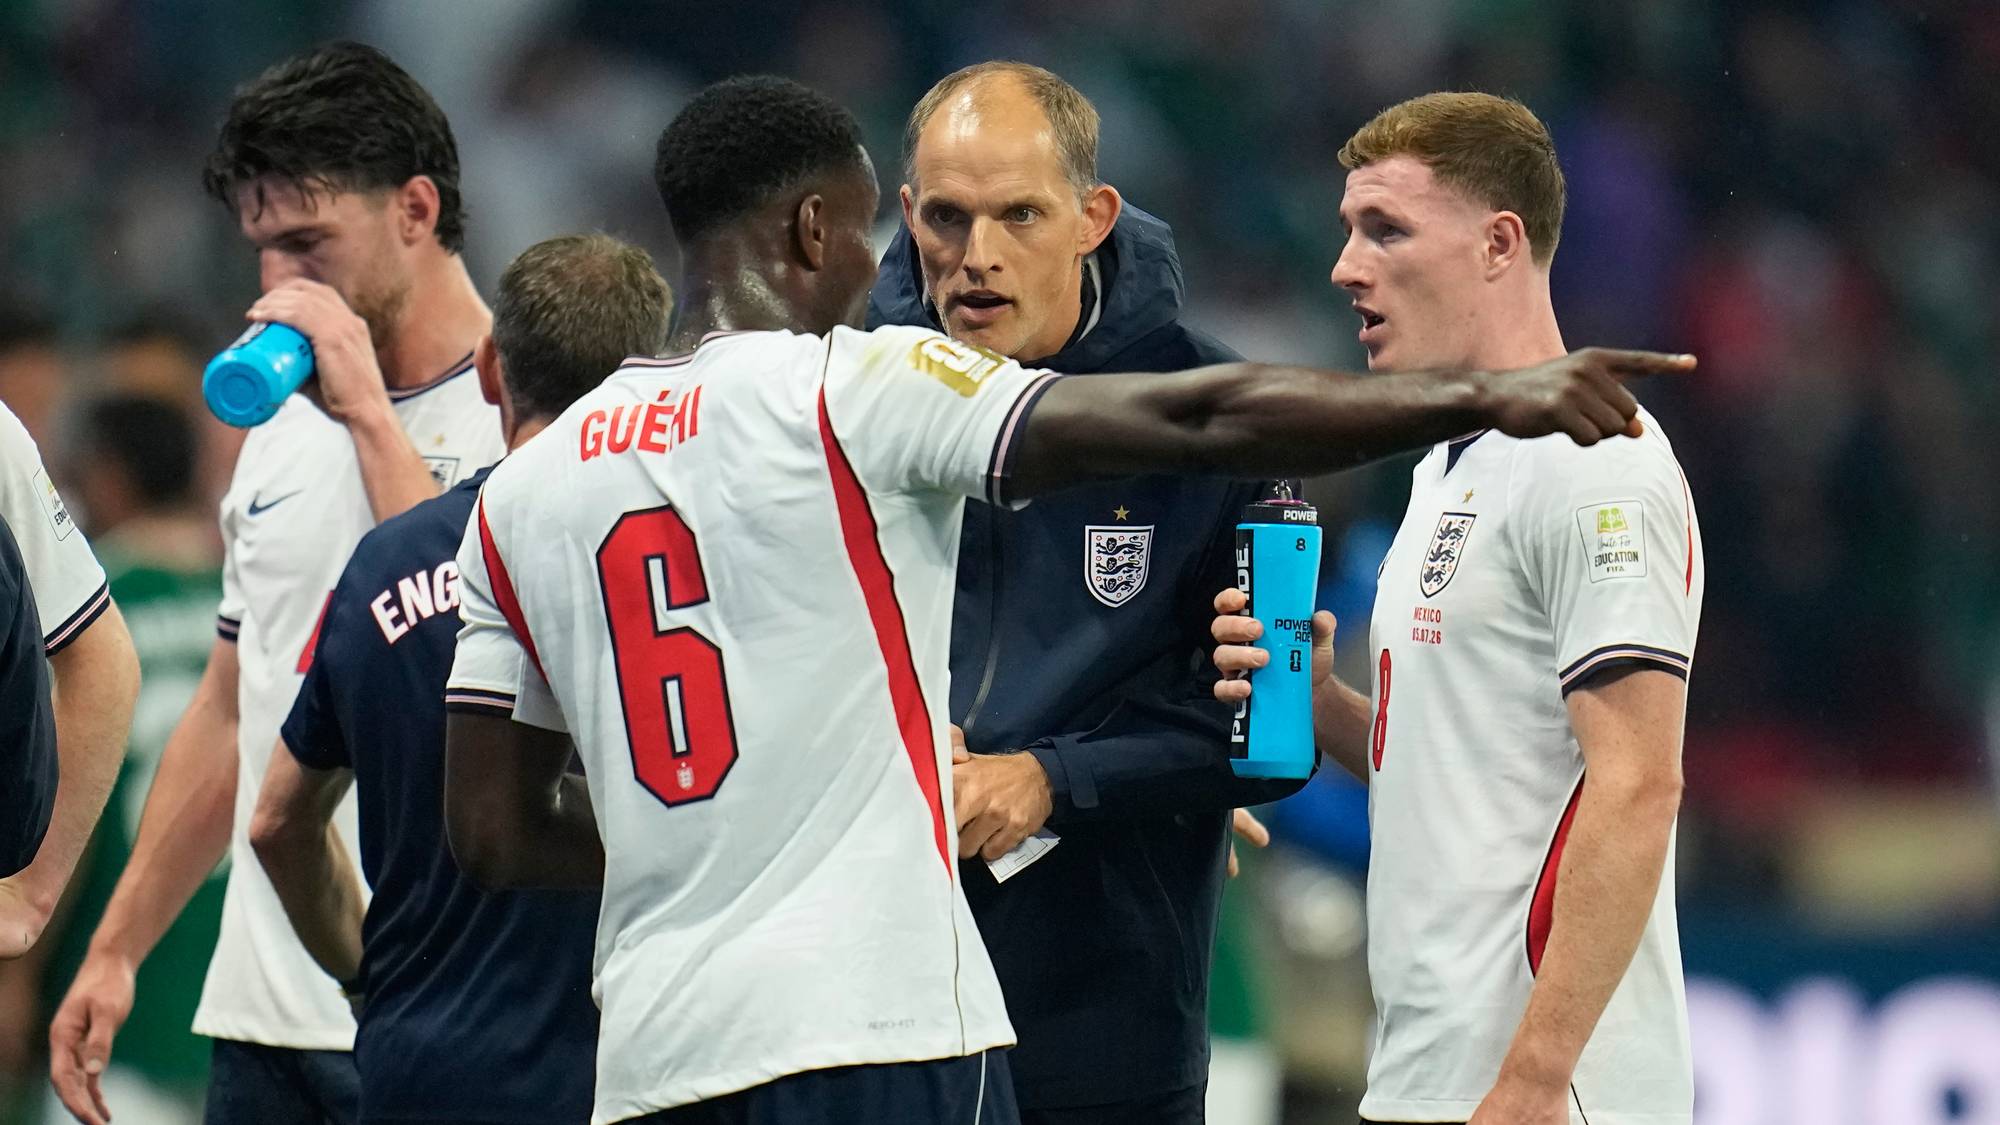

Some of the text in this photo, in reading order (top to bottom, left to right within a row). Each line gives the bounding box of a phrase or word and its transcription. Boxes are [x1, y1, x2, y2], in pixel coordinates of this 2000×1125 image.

[1296, 537, 1306, 551] 8
[1594, 550, 1639, 567] EDUCATION
[1606, 565, 1625, 573] FIFA
[1413, 606, 1442, 623] MEXICO
[1412, 626, 1442, 645] 05.07.26
[596, 504, 739, 808] 6
[1373, 648, 1391, 772] 8
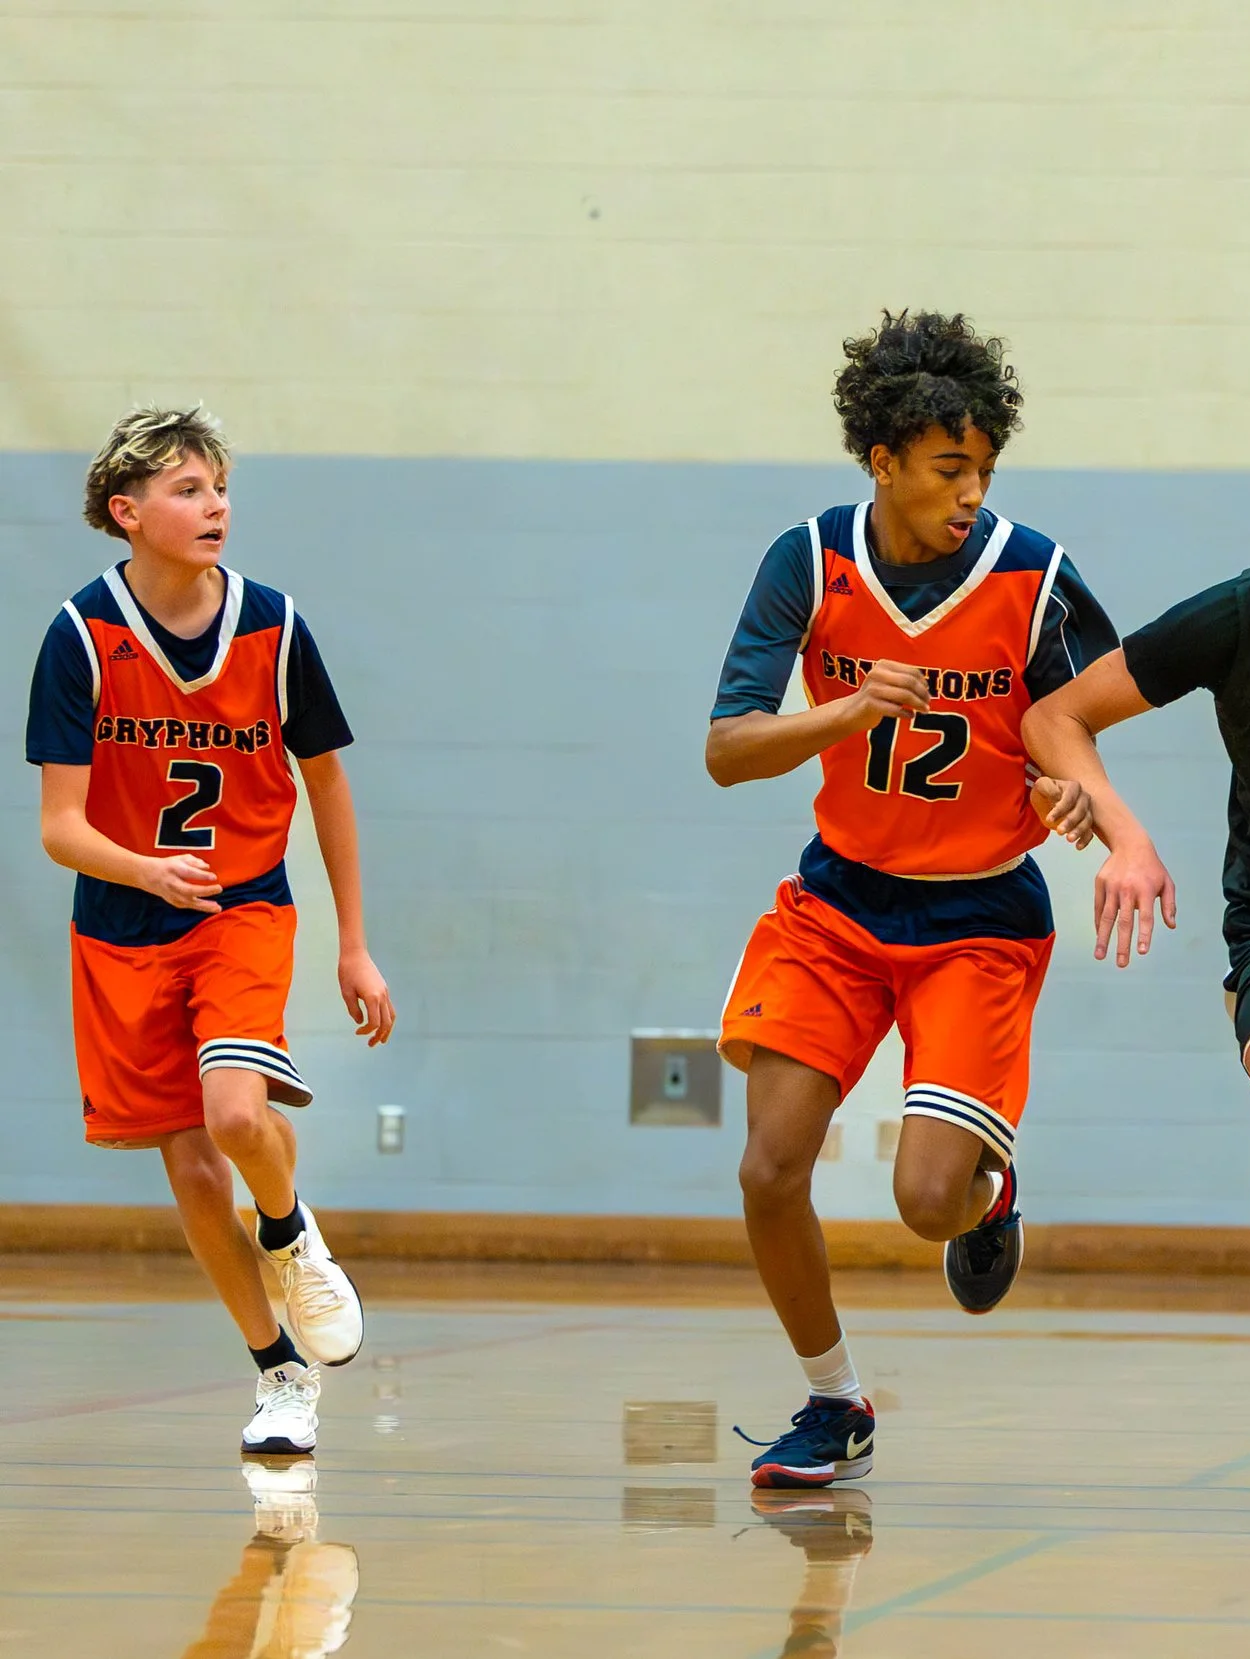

--------------------------------------------------

WHAT THE EXERCISE ASKS | Your copy should match every entry above exactly and contain no pictures.

SOLUTION FOR THIS PROBLEM |
Some of the text in this photo, in reading order (top to bottom, left to right within a row). Each line gives the bounding box of a phrase or word and its transcription. Boxes are [x1, y1, x2, y2], in pixel coordinates of this 2000×1125 image.

[1296, 537, 1306, 551] 8
[1594, 550, 1639, 567] EDUCATION
[1606, 565, 1625, 573] FIFA
[1413, 606, 1442, 623] MEXICO
[1412, 626, 1442, 645] 05.07.26
[596, 504, 739, 808] 6
[1373, 648, 1391, 772] 8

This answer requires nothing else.